What needs to be done
Exact copies of the lines below, from the one with "this 1600×900 image." up to and including the one with "Some of the text", are what this calls for; leave out pictures.

Source information
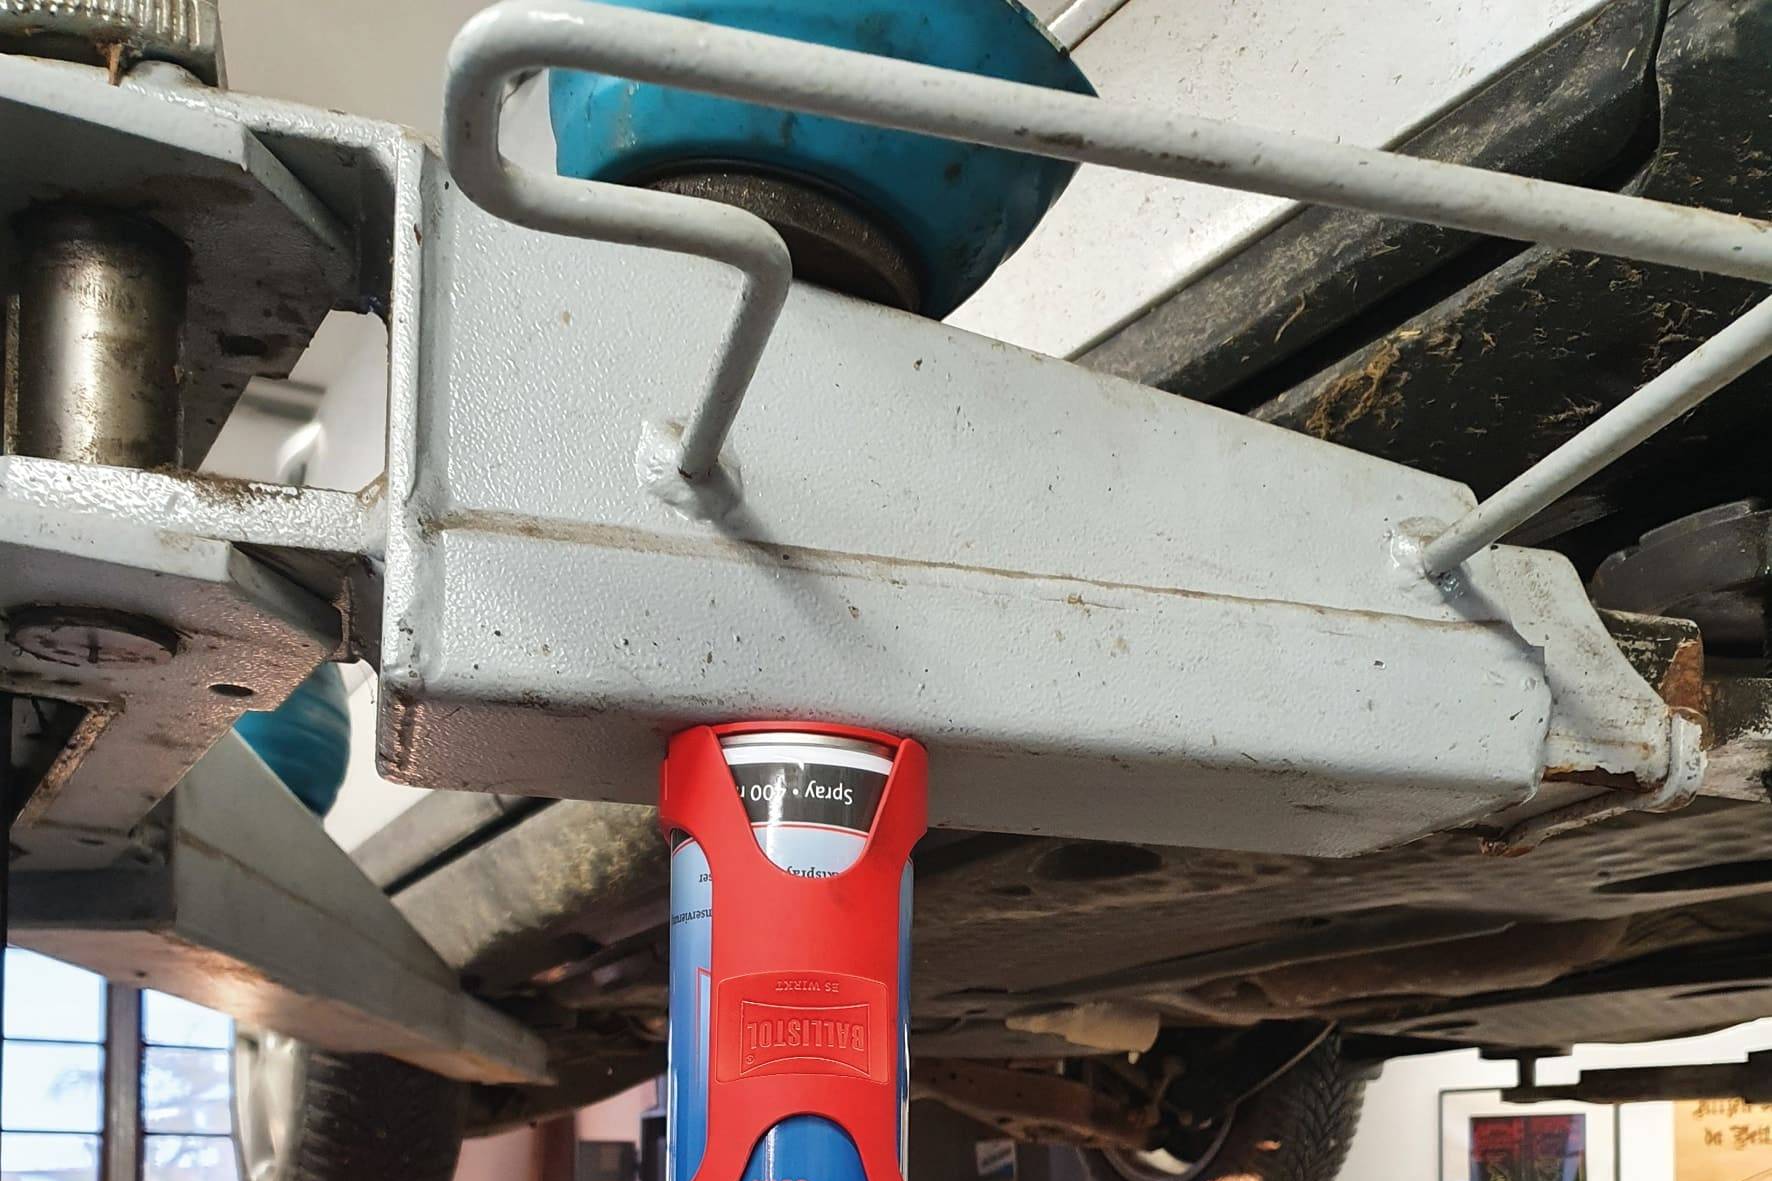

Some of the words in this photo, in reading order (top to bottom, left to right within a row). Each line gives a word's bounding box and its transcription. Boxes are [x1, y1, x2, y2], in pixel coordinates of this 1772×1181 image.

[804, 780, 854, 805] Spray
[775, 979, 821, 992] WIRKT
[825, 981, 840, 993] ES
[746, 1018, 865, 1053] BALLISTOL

* * *

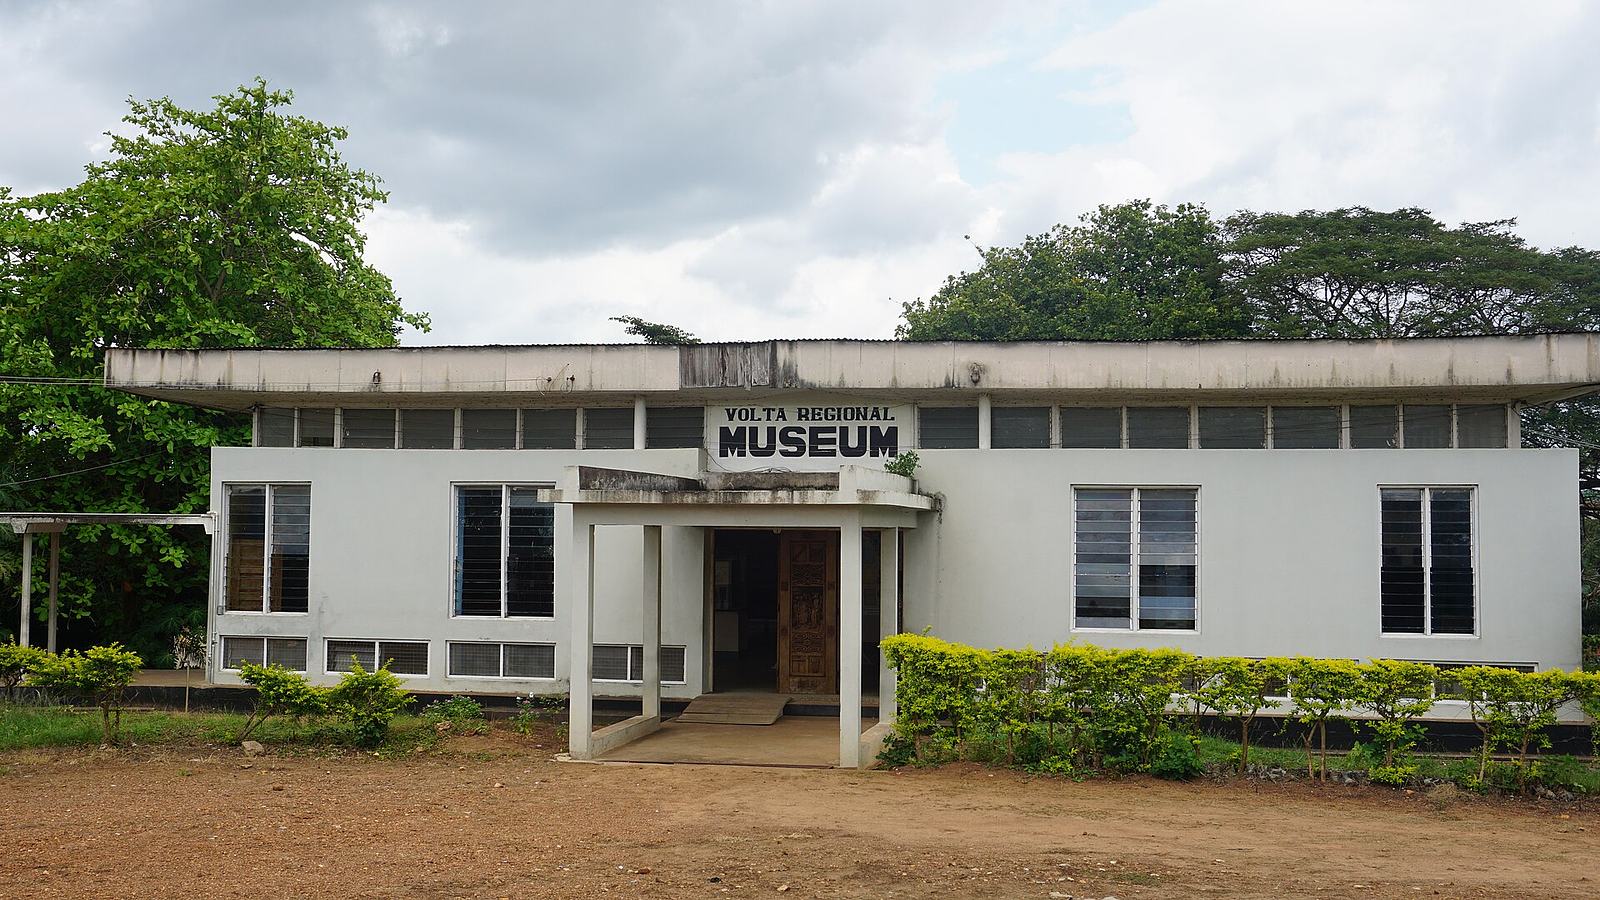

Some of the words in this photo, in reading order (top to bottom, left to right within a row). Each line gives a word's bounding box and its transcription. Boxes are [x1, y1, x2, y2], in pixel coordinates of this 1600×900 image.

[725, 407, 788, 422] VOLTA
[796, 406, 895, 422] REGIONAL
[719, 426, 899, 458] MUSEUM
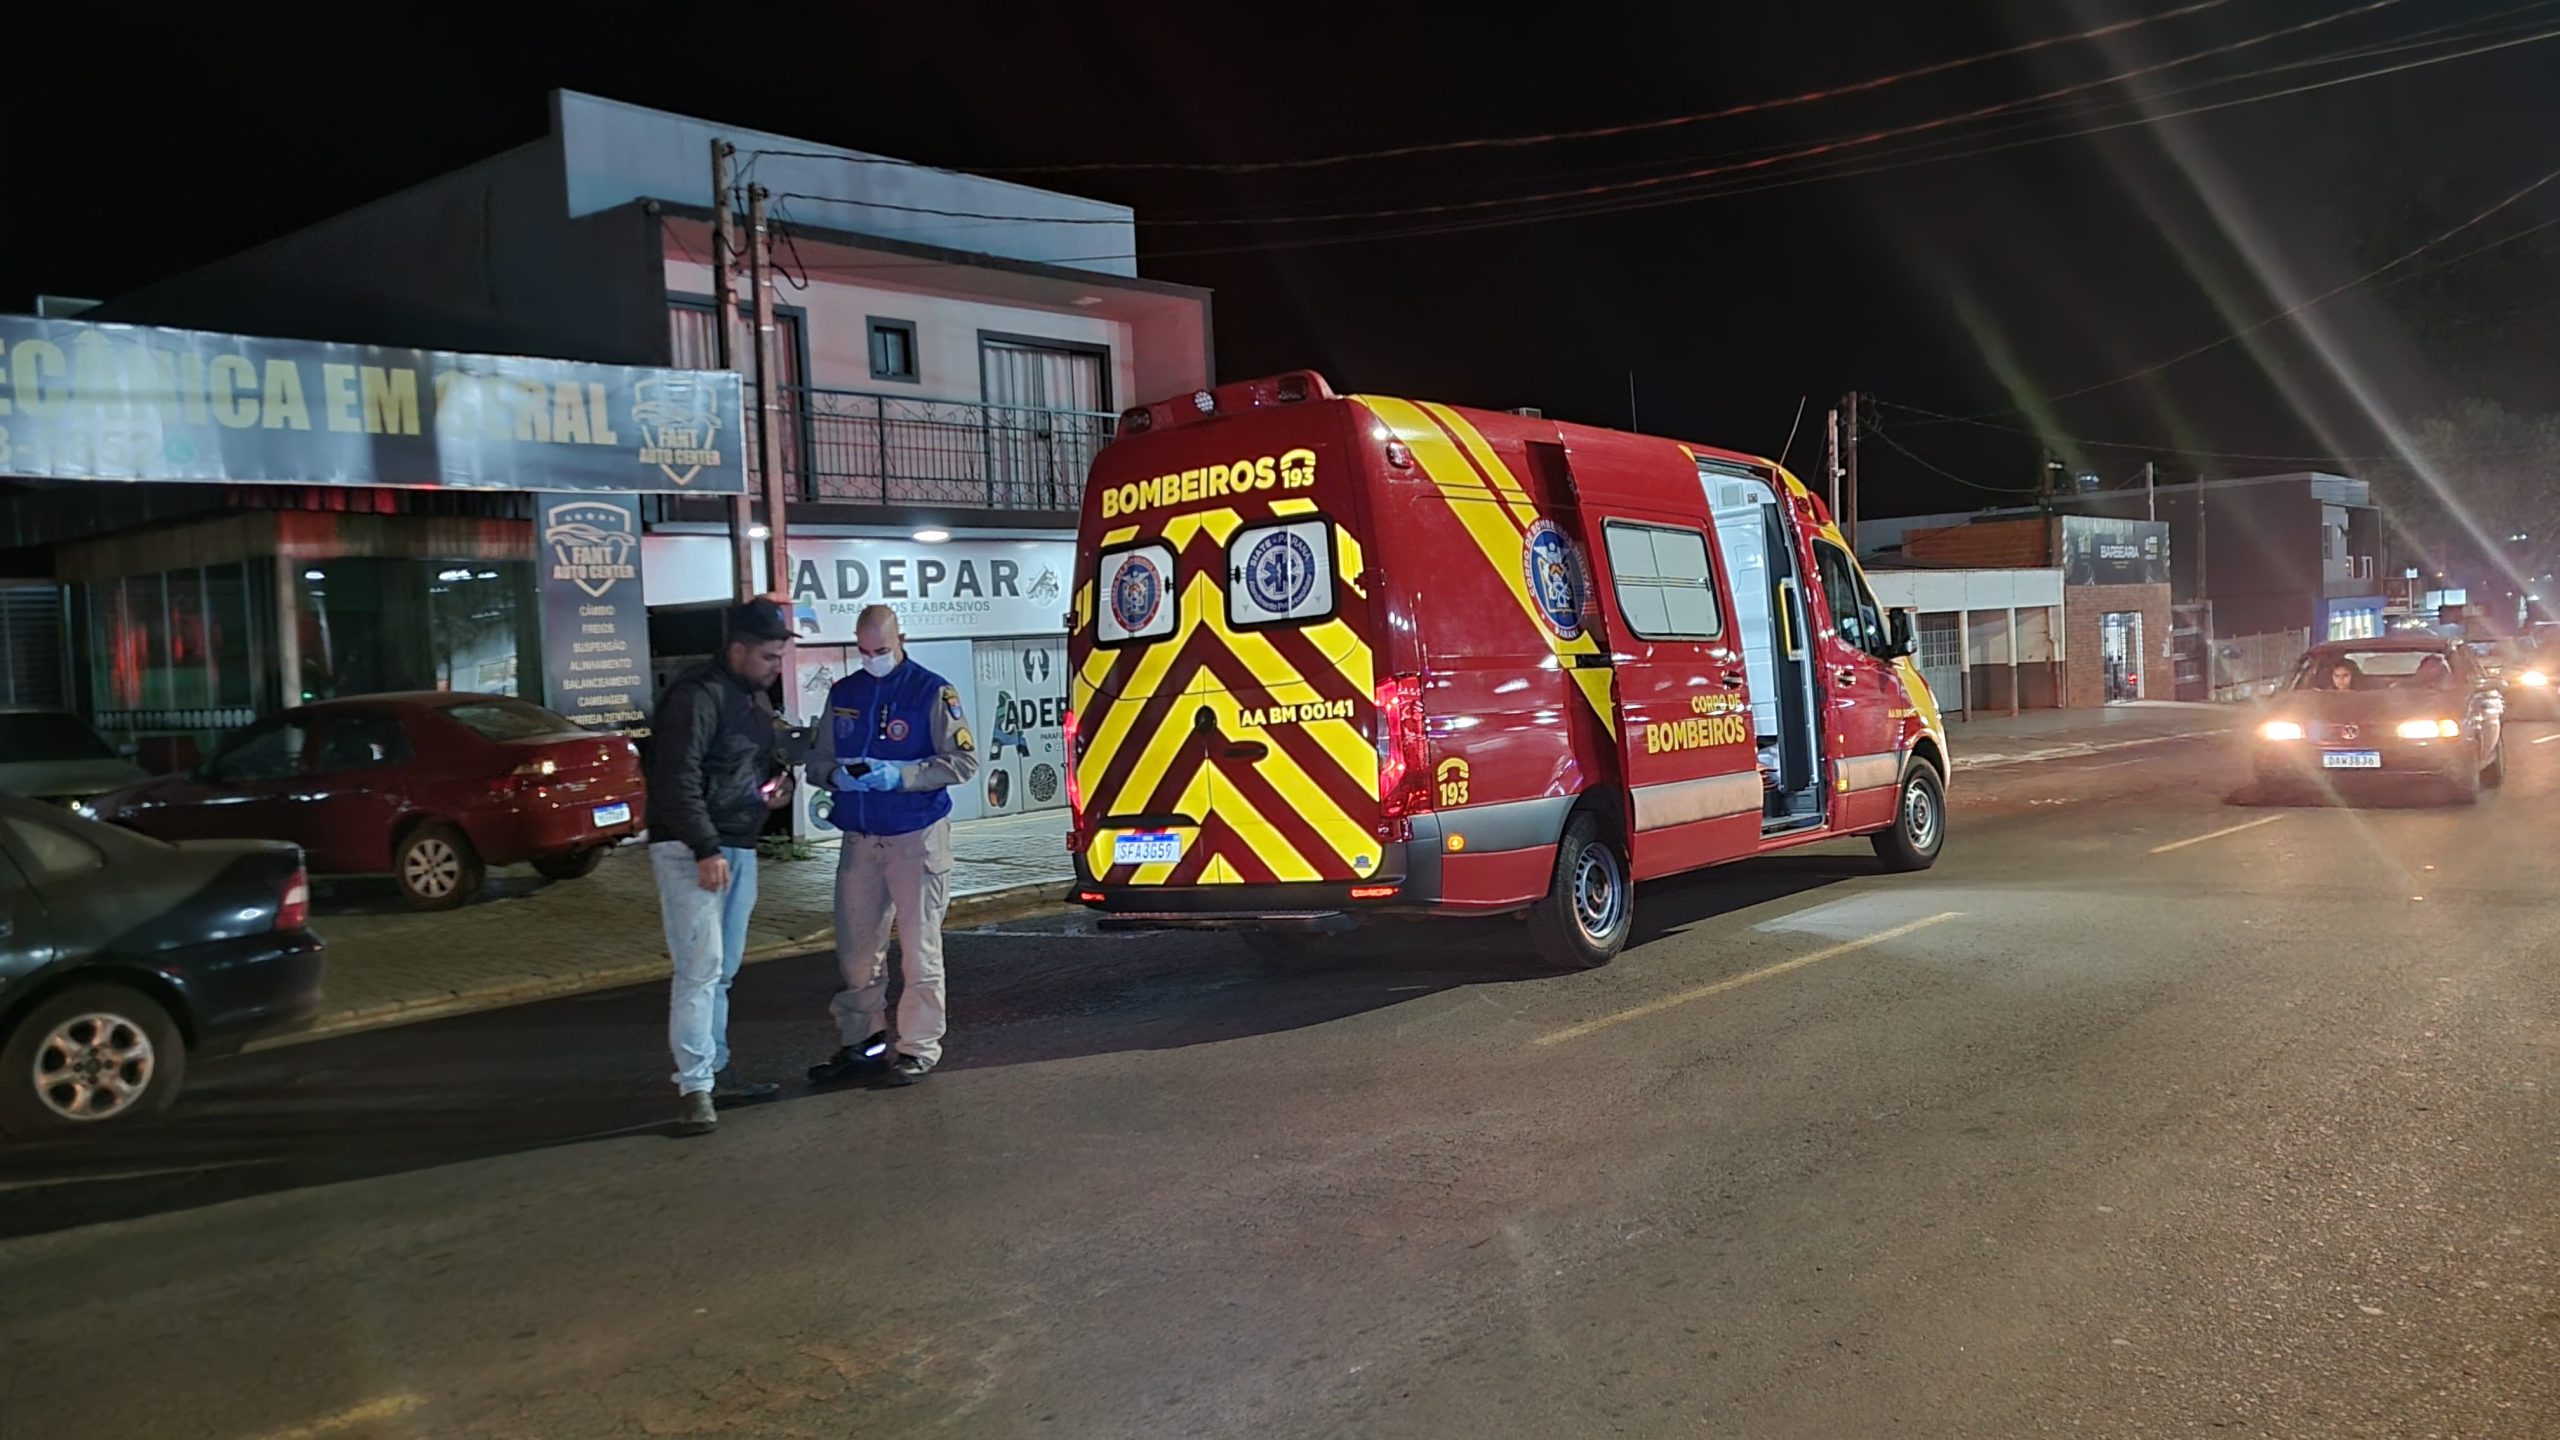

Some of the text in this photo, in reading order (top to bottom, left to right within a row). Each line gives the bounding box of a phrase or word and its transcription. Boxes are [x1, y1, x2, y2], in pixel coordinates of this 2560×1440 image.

==

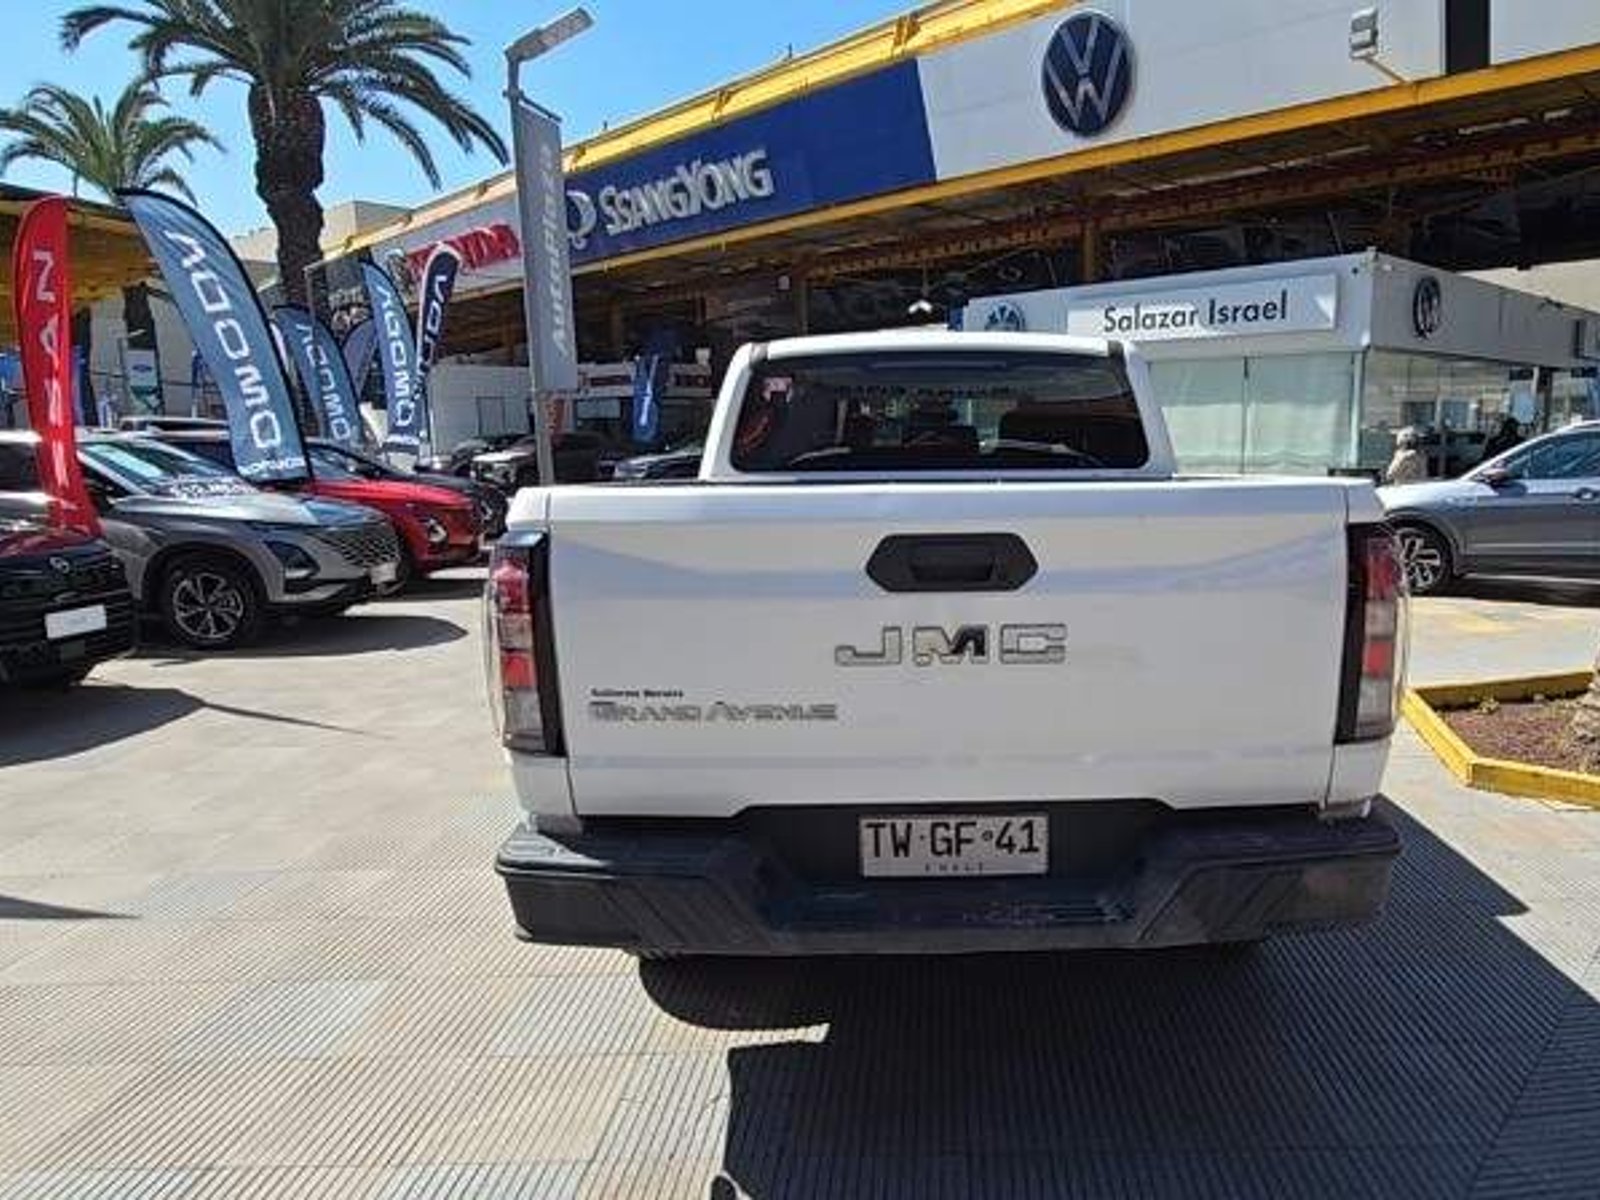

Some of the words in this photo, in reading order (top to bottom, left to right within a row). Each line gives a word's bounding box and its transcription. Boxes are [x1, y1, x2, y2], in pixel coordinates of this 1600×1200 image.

Expected answer
Some of the words in this photo, in reading order (top to bottom, left to right within a row). Each line gives a word's bounding box and its transcription. Boxes are [x1, y1, x2, y2], in pixel coordinates of this 1600×900 image.

[725, 407, 788, 422] VOLTA
[796, 406, 895, 422] REGIONAL
[719, 426, 899, 458] MUSEUM

Some of the text in this photo, in reading order (top to bottom, left to right within a row). Each line gives the bounding box of a phrase or word and its transcription. Boxes are [x1, y1, x2, y2], in pixel coordinates of this 2560×1440 image.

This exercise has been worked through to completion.